Noch hörte ich seine Fernseh-Stimme
im Ohr, wollte ihn aber nicht verärgern
durch eine unzulässige Imitation.
So blieb alles meine Sache, die meines Eigensinns,
bis die Außenmauern zur Seite wichen:
nur ein Tischchen stand da,
mit schmaler Schreibmaschine drauf,
einem eingespannten leeren Blatt.
Er hatte es bewußt so zurückgelassen,
zur Warnung voreiliger Fort- oder gar Über-
schreiber. Niemand wird sich hier je
an seiner Stelle hinsetzen können,
niemand in fließende, feinstoffliche Sprache
verwandeln seinen Lungenblick
(03.11.2000)(Fr) (4.45 Uhr)
Aus gegebenem Anlass das obige Gedicht außerhalb der Chronologie eingefügt!

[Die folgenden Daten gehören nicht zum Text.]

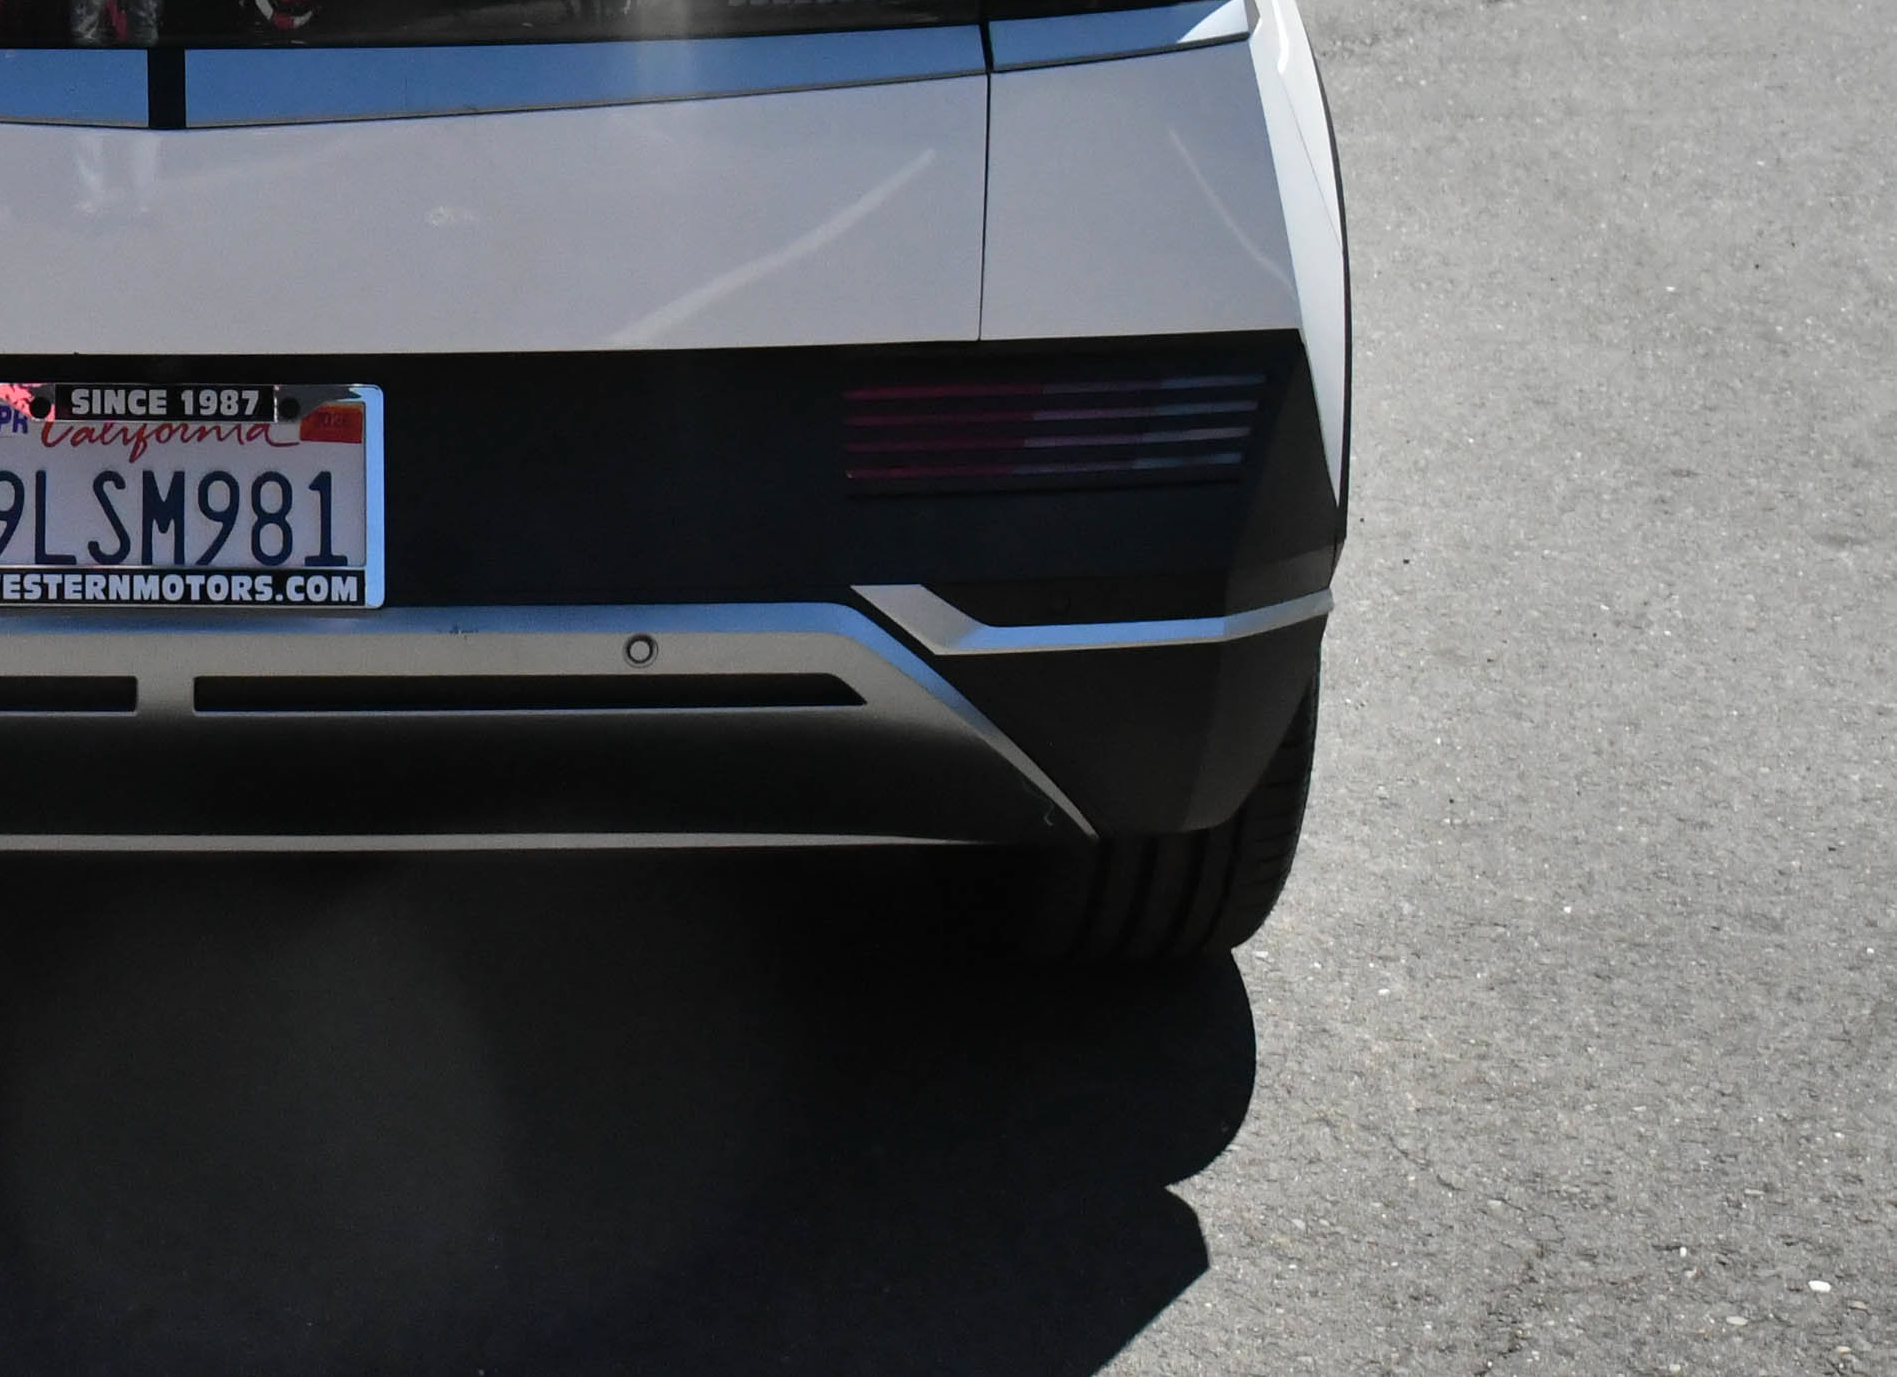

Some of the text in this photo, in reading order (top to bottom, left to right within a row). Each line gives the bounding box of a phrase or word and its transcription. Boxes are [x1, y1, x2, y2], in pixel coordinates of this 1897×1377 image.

[70, 388, 260, 416] SINCE 1987
[41, 421, 301, 463] California

(Erschienen in: Obachter, Edition Korrespondenzen, 2007)
Ich habe eine weiße Wand ohne Heiligenbild vor mir; und rechts - beinahe im Rücken - das Fenster. Warum? Ich möchte eine Projektionsfläche haben. Und Sie?

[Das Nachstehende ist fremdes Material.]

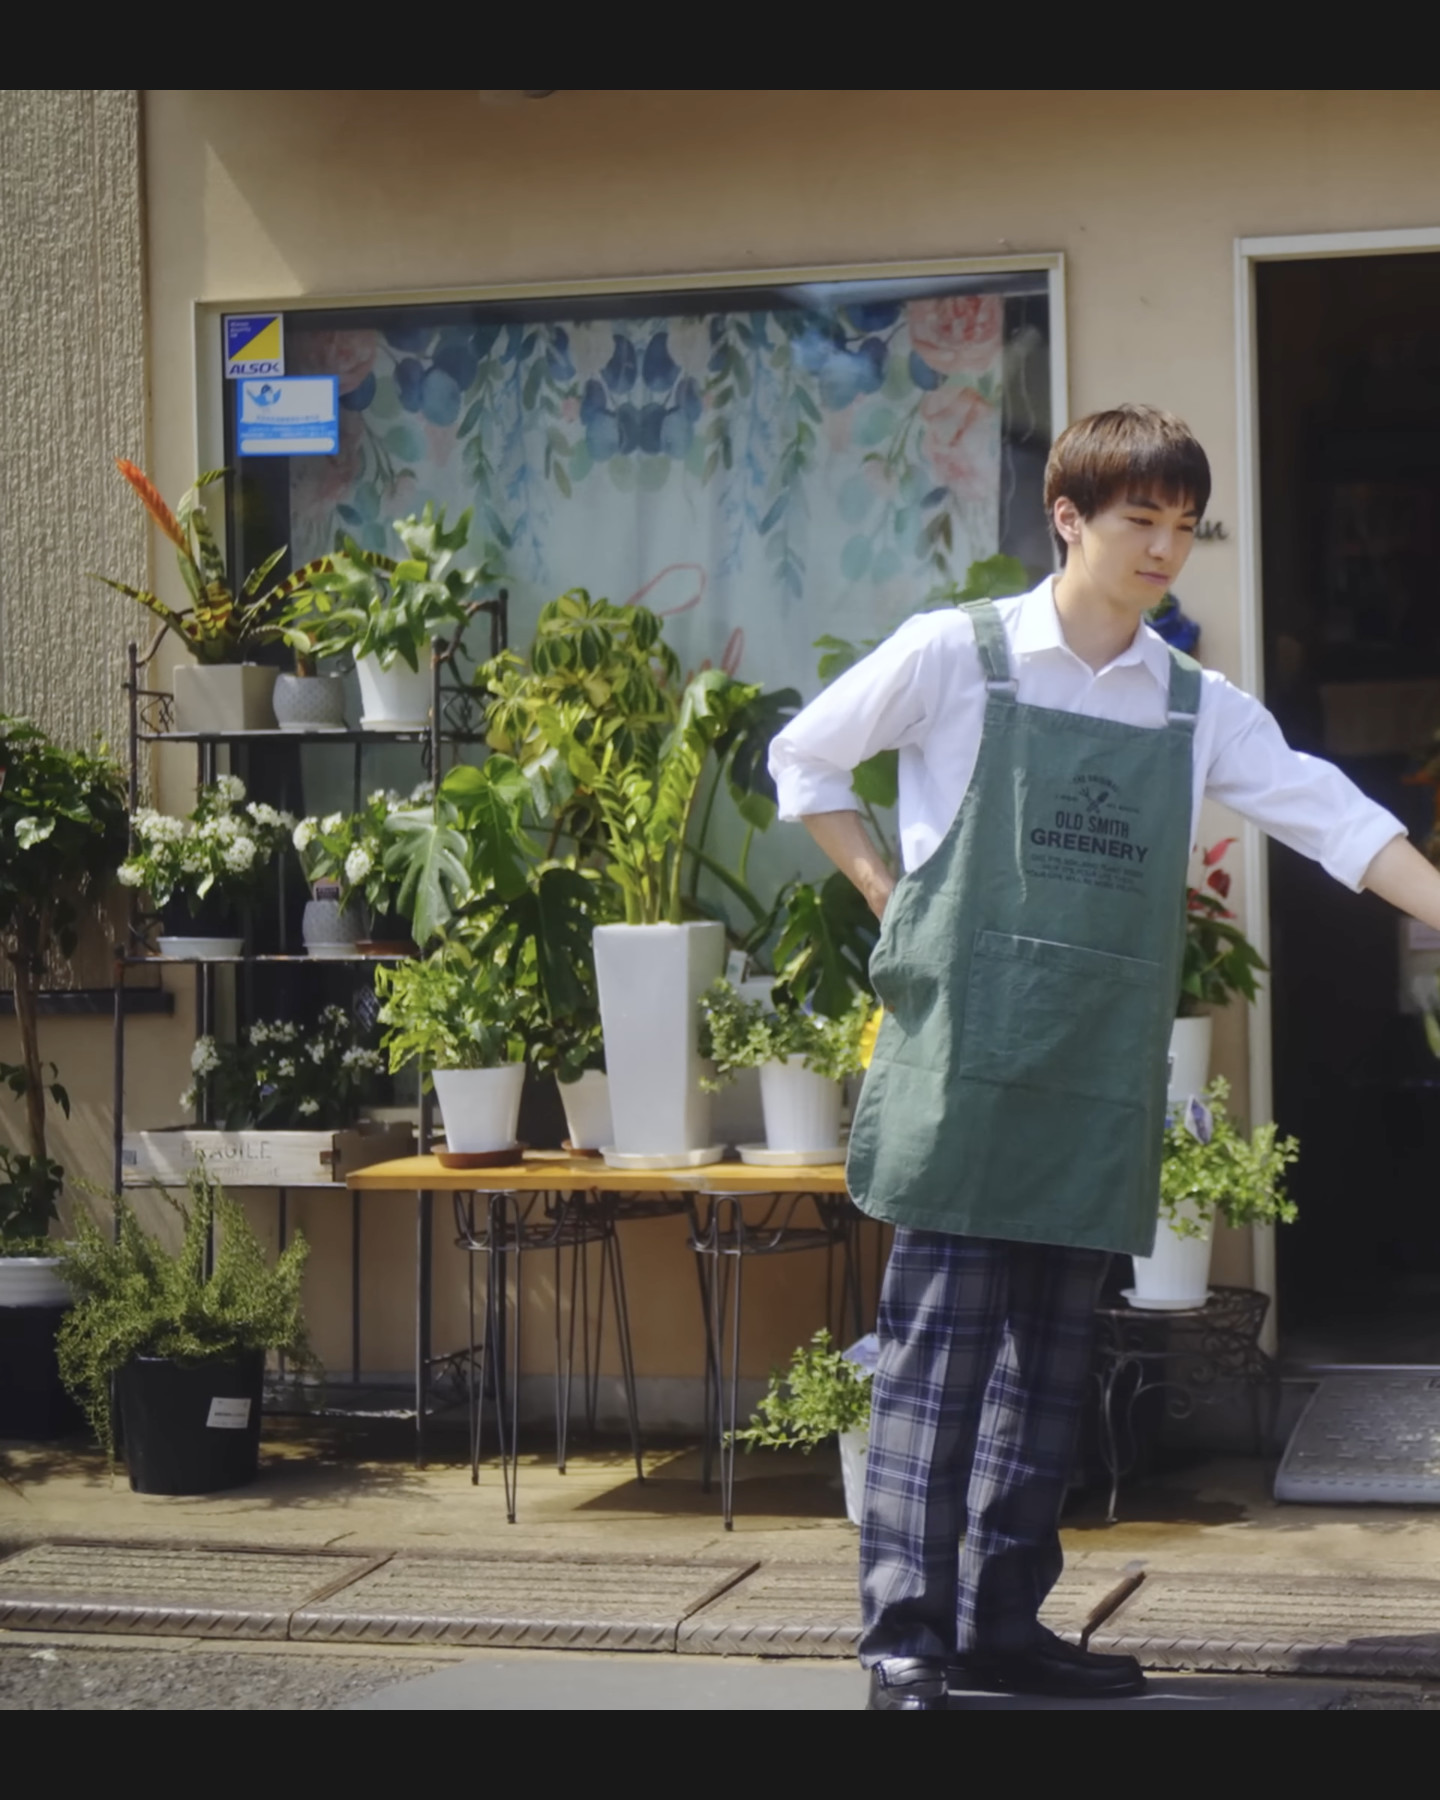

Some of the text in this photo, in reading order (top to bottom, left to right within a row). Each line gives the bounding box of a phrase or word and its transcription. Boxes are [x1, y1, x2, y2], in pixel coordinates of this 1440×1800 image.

[229, 362, 280, 375] ALSOK
[1055, 810, 1130, 839] OLD SMITH
[1030, 827, 1149, 864] GREENERY

ich sitze eben an der ecke und hinter mir ist der beckett und der puschkin und sie starren mich an
Nachtrag:
Ich hatte damals ein Zitat vor mir:
„Darunter hatte sich auch seine*) Schreibmaschine
befunden, die er sich in den frühen zwanziger Jahren im Wiener Dorotheum ersteigert und auf welcher er alle seine Arbeiten ins Reine, wie er immer gesagt hat, geschrieben hatte und auf welcher ich selbst heute noch meine Arbeiten schreibe, eine wahrscheinlich schon über sechzig Jahre alte amerikanische L.C.Smith“.
(Thomas Bernhard, Der Atem. Eine Entscheidung, 7. Aufl., München: DTV 1990)
*) des Grossvaters Johannes Freumbichler
Die Antwort:
"Ich habe Dr. Fabjan gefragt. Er wusste nicht, welche Marke die Schreibmaschine hat; es handelt sich allerdings nicht um jenes Gerät, das Bernhard selbst verwendet hat, die betreffende Maschine befindet sich in Fabjans Privatbesitz in der Lerchenfeldgasse. Fotos gibt es davon leider keine.
Die Schreibmaschine Freumbichlers ist gegenwärtig mit unserer Ausstellung "Thomas Bernhard und seine Lebensmenschen. Der Nachlaß" unterwegs."